In the spirit of Ted's RFC on making swift.org a more valuable resource, I thought I'd share something I've been working on for a while:
A great number of questions are raised in these forums as to the functioning and design of numeric types and protocols in Swift. Sometimes, the answer can be found only by digging through the source code, and even then it's hard to place what you learn there within a larger context. Therefore, I've compiled a series of articles that delve into these topics in more detail.
Who's it for? Anyone who's working intensively with Swift but less familiar with its numeric types, or anyone who's working intensively with numbers in other programming languages but less familiar with Swift.
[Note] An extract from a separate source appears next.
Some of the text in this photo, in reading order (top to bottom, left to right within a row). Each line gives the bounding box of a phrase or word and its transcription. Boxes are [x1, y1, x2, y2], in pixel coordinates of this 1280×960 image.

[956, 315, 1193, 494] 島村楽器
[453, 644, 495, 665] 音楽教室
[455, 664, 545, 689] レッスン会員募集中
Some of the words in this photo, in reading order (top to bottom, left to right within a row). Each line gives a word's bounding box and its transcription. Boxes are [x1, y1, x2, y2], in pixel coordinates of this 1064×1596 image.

Hopefully, you'll find tidbits you didn't know but find useful:
Concrete integer types, part 1
Introduction, integer literals, conversions among integer types
Concrete integer types, part 2
Operator precedence, overflow behavior, integer remainder, bitwise operations
Concrete binary floating-point types, part 1
Introduction (IEEE 754, C mathematical functions, finite constants)
Concrete binary floating-point types, part 2
Floating-point precision (striding, fused multiply-add, unit in the last place, approximating π, subnormal values on 32-bit ARM, string representation)
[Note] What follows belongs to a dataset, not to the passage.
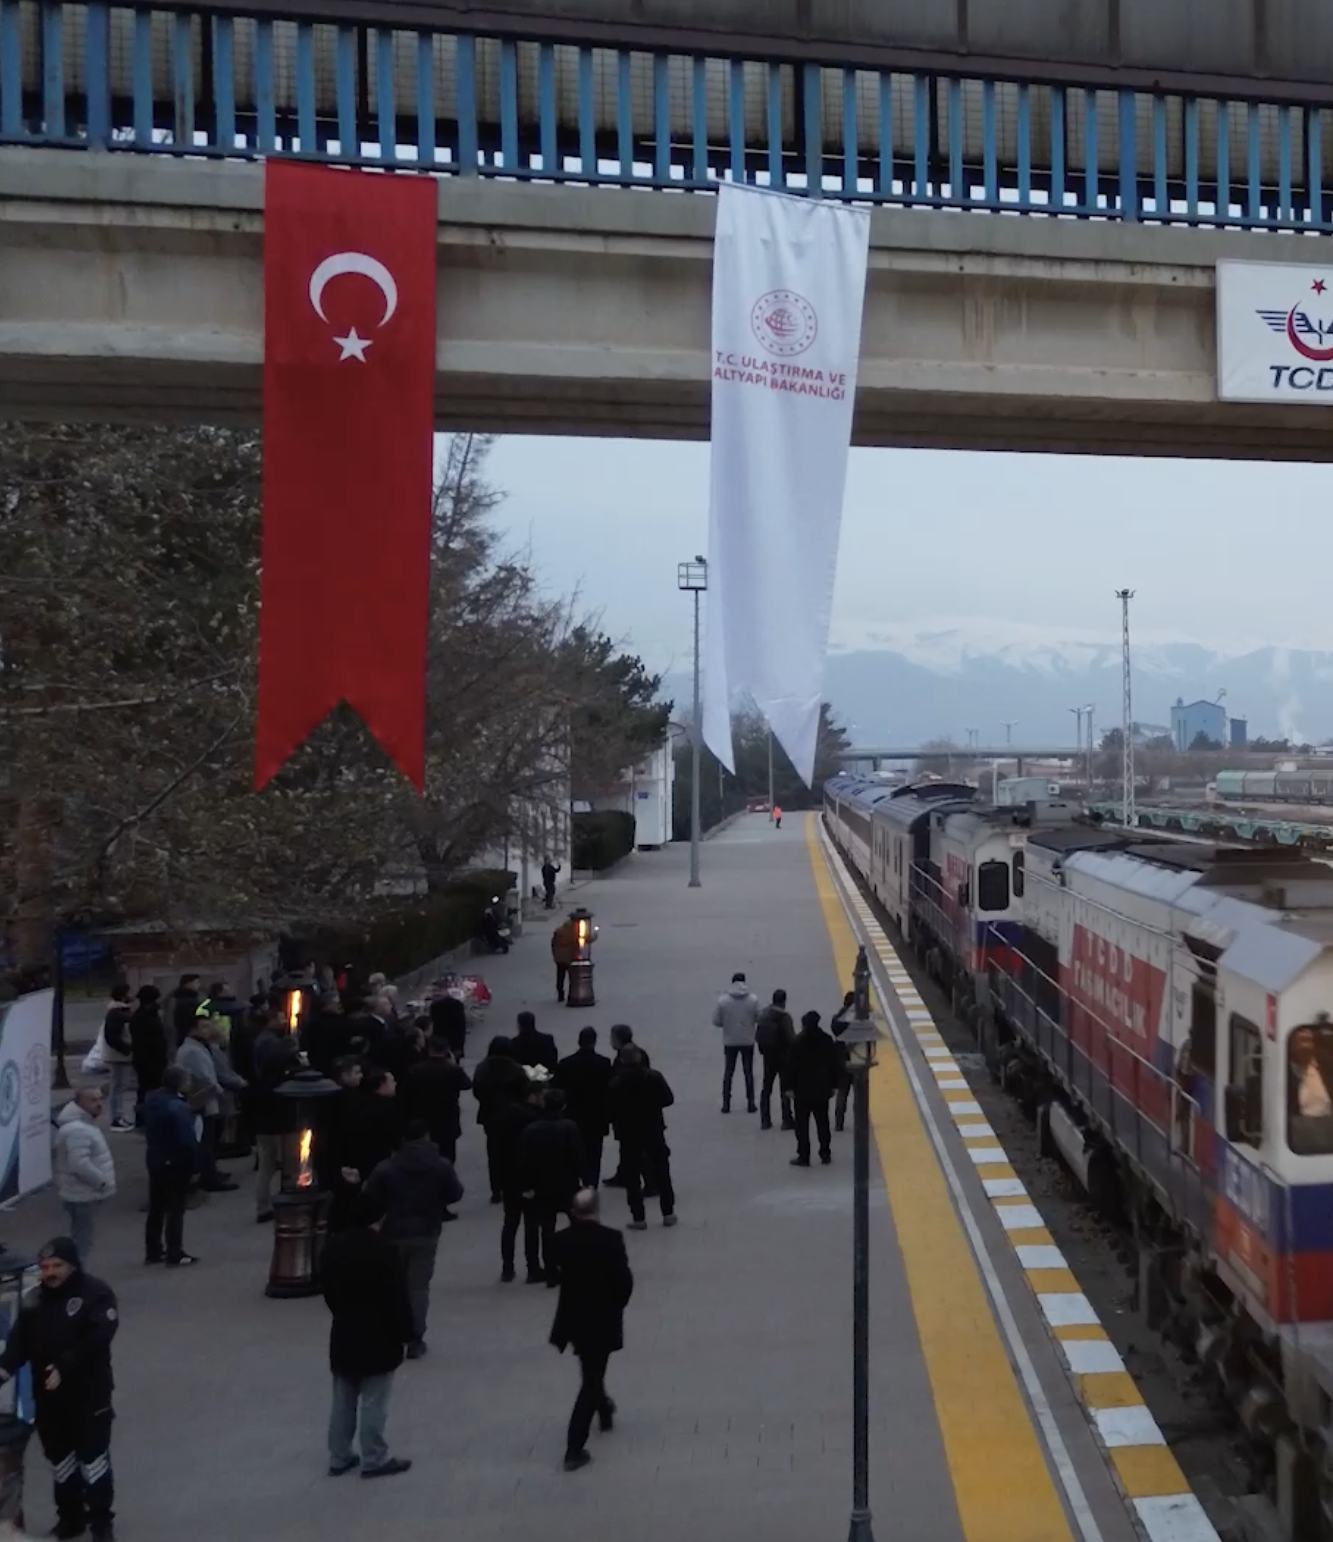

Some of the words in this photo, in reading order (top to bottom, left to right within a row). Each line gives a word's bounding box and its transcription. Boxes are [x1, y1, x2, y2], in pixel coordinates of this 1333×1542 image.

Concrete binary floating-point types, part 3
Float literals, conversions between floating-point types, other initializers
Concrete binary floating-point types, part 4
Signed zero, infinity, and NaN; floating-point remainder; significand representation
Numeric types in Foundation
Foundation.Decimal, Foundation.NSNumber
Numeric protocols
Introduction, design rationale, generic algorithms, conformance
The source repository for these documents is at GitHub - xwu/xwu-swift-numerics: Notes on numerics in Swift. Corrections welcome. And, of course, if the community feels that this would be the sort of thing that should be available on swift.org, I'm happy to contribute.